An HF method is used to sputter the insulation layer 4 made of PLZT applied. The substrate is stretched positively in front of-0 and heated to about 600 c. The distance between target and substrate is 40 mm, the pressure is about 0.0025 mb.

In the method described, the insulation layer 4 consists of 62.4 (Weight)% PbO, 4.3% La203, 25.5% ZrO2 and 7.8% TiO2.

Instead of the above-mentioned composition of the insulation layer any other composition can be used, provided that only that resulting Material electrically insulated, having ferroelectric properties and being thin Layer can be created at all.

The material of the insulation layer does not need one either to be that is constantly ferroelectric. It can also have a "slim loop" behavior i.e. it is paraelectric without an applied electric field and becomes ferroelectric only when a field is applied. When building a transistor with Such a "slim loop" material will not be bistable because of the high dielectric strength is still preserved.

In a publication by G.H. Hartling and C.E. Land in J.Americ.Cer.Soc., 54 (1971) 1, further materials made from lanthanum-containing lead titanate / zirconate (PLZT) which are suitable here.

Ferroelectric thin layers are also often made from PbTiO3. The article "Preparation of PbTiO3 Ferroelectric Thin Film by Laser Annealing "by Y. Matsui et al in Jap.J.Appl.
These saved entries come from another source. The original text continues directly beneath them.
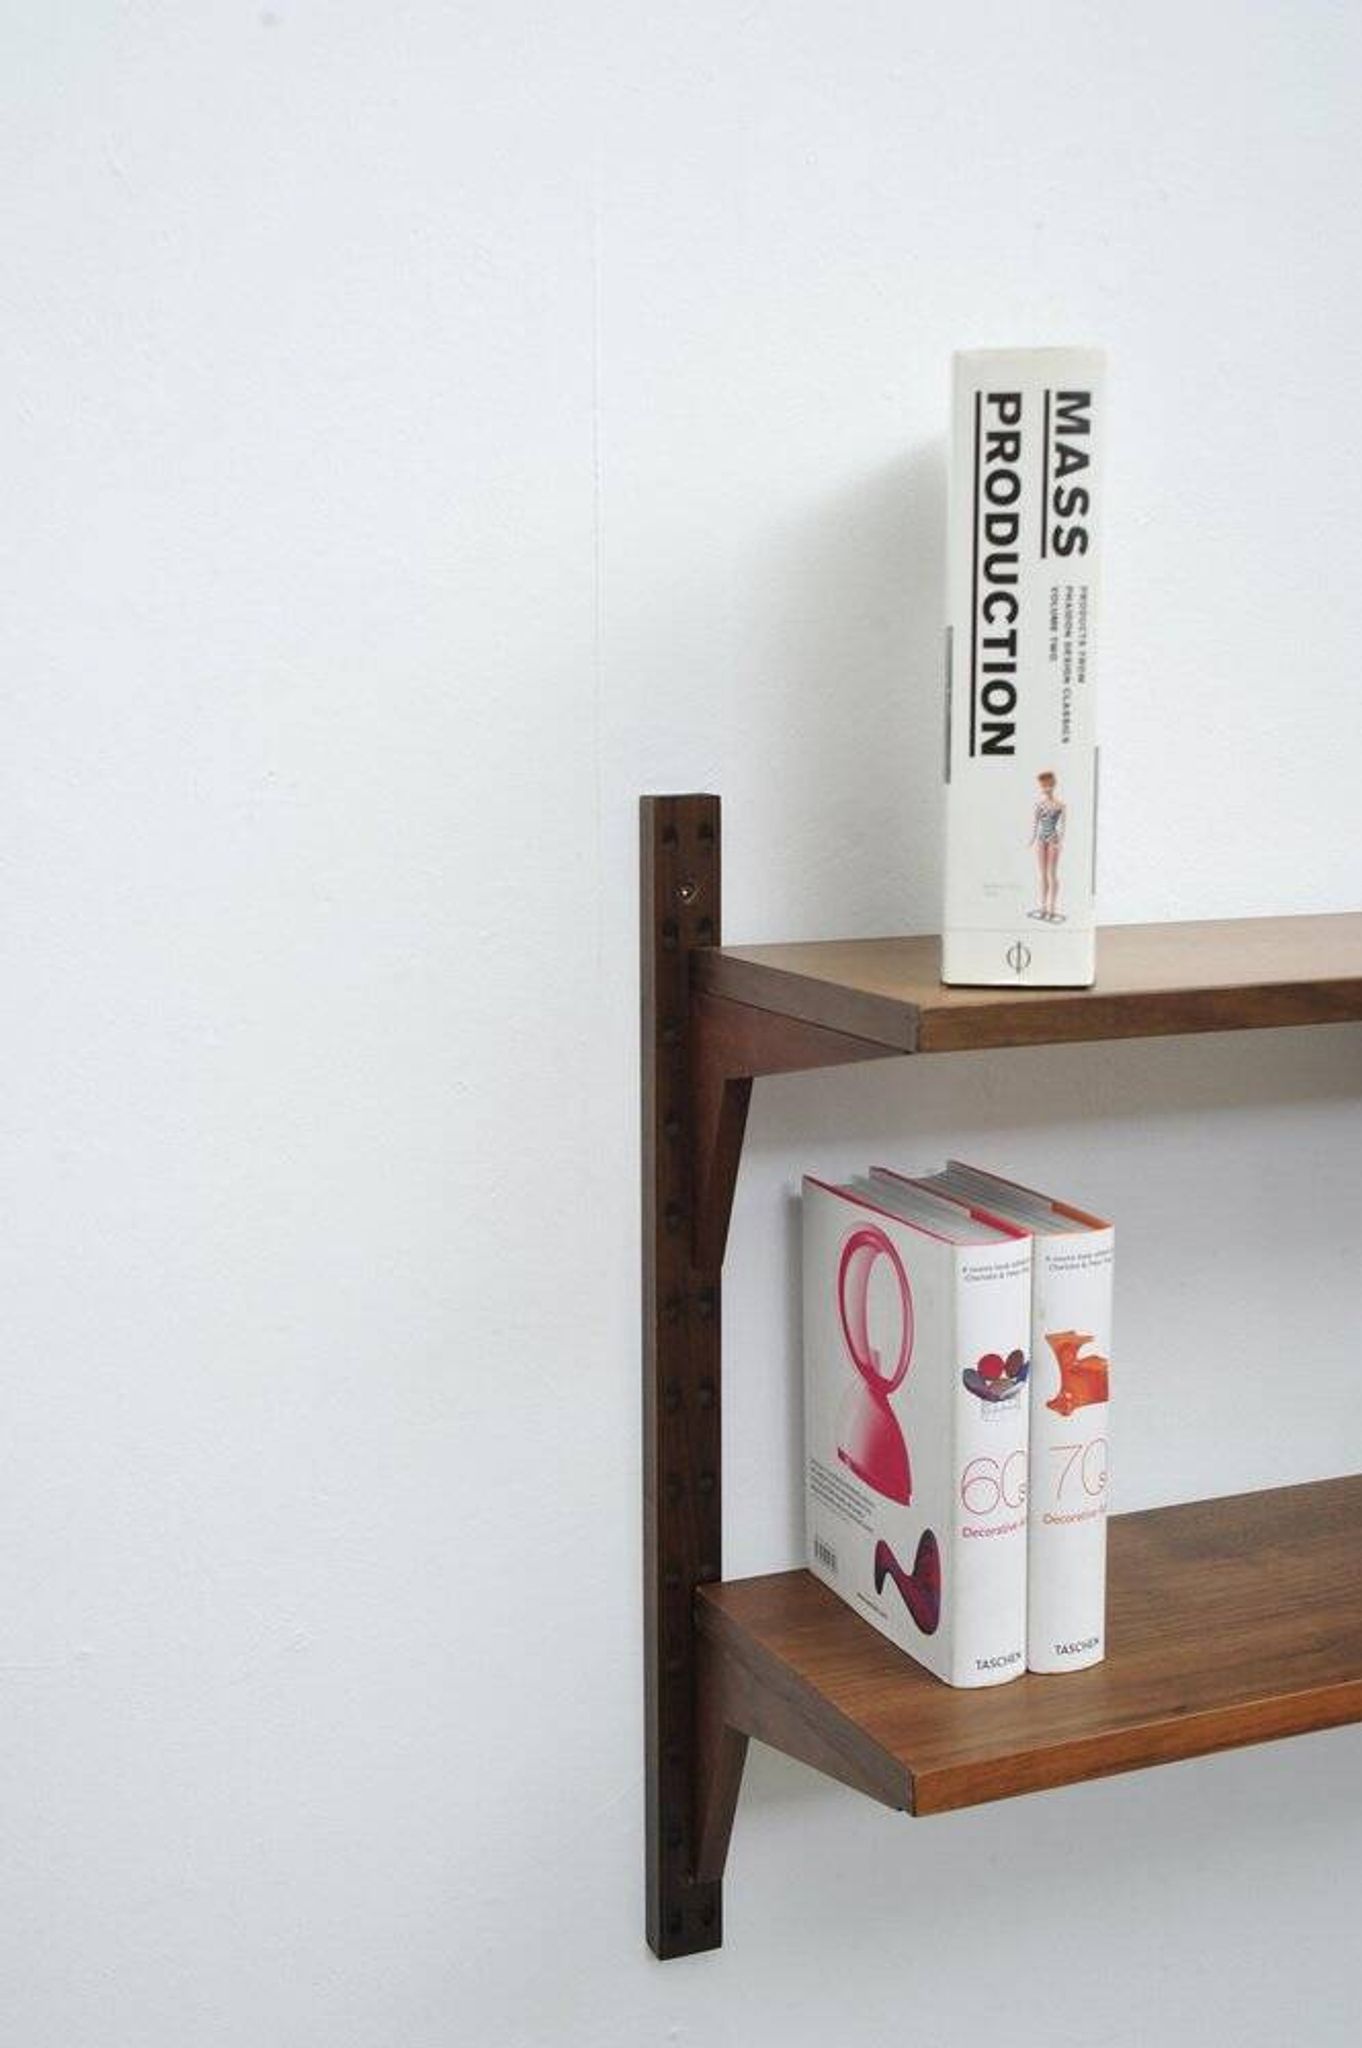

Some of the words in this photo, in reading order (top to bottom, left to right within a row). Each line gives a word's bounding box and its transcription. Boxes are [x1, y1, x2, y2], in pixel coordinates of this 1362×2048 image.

[1052, 391, 1092, 558] MASS
[980, 391, 1023, 757] PRODUCTION
[1049, 586, 1059, 632] VOLUME
[1064, 585, 1073, 638] PHAIDON
[1078, 585, 1088, 647] PRODUCTS
[1049, 636, 1058, 662] TWO
[1063, 641, 1072, 685] DESIGN
[1061, 687, 1071, 745] CLASSICS
[975, 1652, 1022, 1670] TASCHEN
[1054, 1638, 1099, 1656] TASCHEN
phys., Vol 20 (1981) Supplement 20-4, pp. 23-26.

Claims (3)

Claims Fe field effect transistor with isolated control electrode (IGFET), which is constructed as a thin-film transistor with the following structure: - On An etch stop layer is applied to a glass base - the etch stop layer carries a control electrode made of electrically conductive material with a shoulder for contacting, - the control electrode is covered by an insulation layer, the approach for the contact is open, - runs over the insulation layer across the control electrode a wide strip of a polycrystalline or amorphous one Semiconductor layer - the semiconductor layer has metallizations at both ends for contacting, the part in between forms the channel, d a d u r c h e k e n n n z e i c h n e t that the insulation layer is made of one material consists, which has ferroelectric properties. 2. Field effect transistor according to claim 1, characterized in that the material with ferroelectric properties is lanthanum-containing lead titanate zirconate (PLZT) is made up of 62.4 (weight)% PbO, 4.3% La203, -25.5% Zur02 and 7.8% TiO2 is composed. 3. Field effect transistor according to claim 1, characterized in that the material with ferroelectric properties is PbTiO3.